De forma semelhante, Osamu é indiciado pelo sequestro de Shota e Yuri. Entretanto, ambos foram abandonados por seus pais biológicos, tendo ainda a agravante dos abusos sofridos por Yuri, em uma casa repleta de violência. Essa situação leva Nobuyo a fazer mais um questionamento a respeito das convenções de família: “dar a luz a uma criança faz com que a pessoa seja verdadeiramente uma mãe?” (tradução nossa). Com isso pensamos nas diversas disfuncionalidades que os personagens enfrentam e na maneira com que encontraram, um no outro, uma forma de estabelecer laços para sobreviver e tentar renascer de uma série de abandonos e escassez em um mundo tão opressivo.

Assim, Kore-eda nos convida a quebrar concepções de “certo” e “errado”, e leva o espectador a refletir sobre como, em muitos casos, há um rompimento das idealizações dos laços familiares.

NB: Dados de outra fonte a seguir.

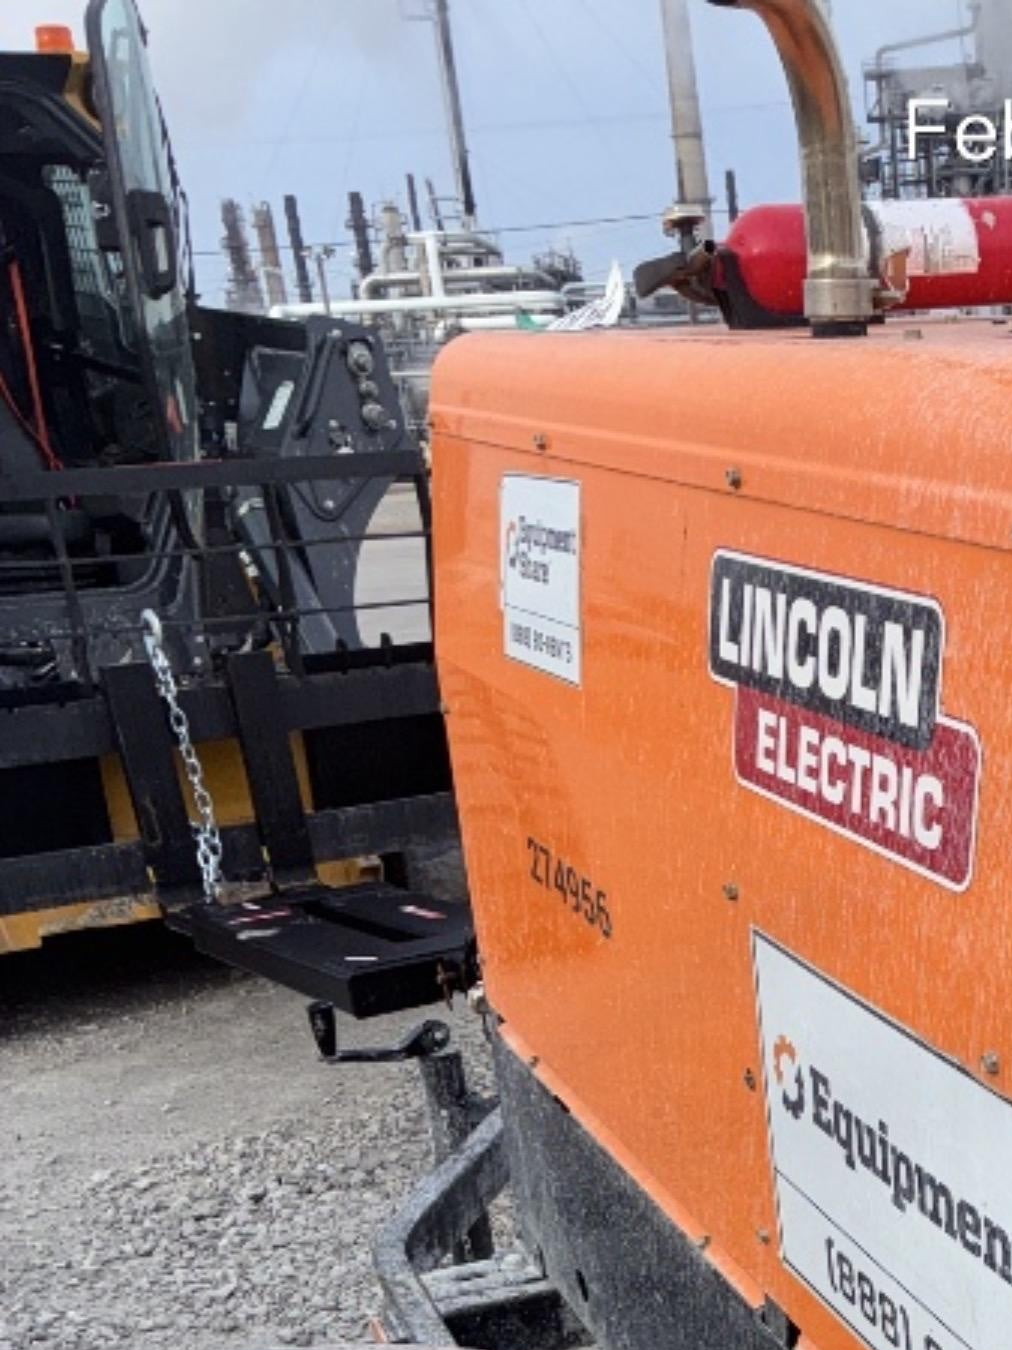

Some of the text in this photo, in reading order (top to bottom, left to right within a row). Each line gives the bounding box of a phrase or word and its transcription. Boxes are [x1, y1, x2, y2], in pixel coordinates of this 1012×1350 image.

Para isso, o diretor faz o uso de planos abertos (quando a câmera está distante do objeto) e de ângulos específicos para transmitir um olhar lento e cheio de carinho para essas famílias e a juventude, que oferece um olhar cheio de sentimentos em suas produções.

Por fim, indico também o filme “Andando”, de 2008, que nos traz ainda mais reflexões a respeito das construções no âmbito familiar, que envolve diferentes gerações.

Já pega sua pipoca pra maratonar as famílias de Hirokazu Kore-eda, uma caixinha de lenços e uma sessão de terapia valem também!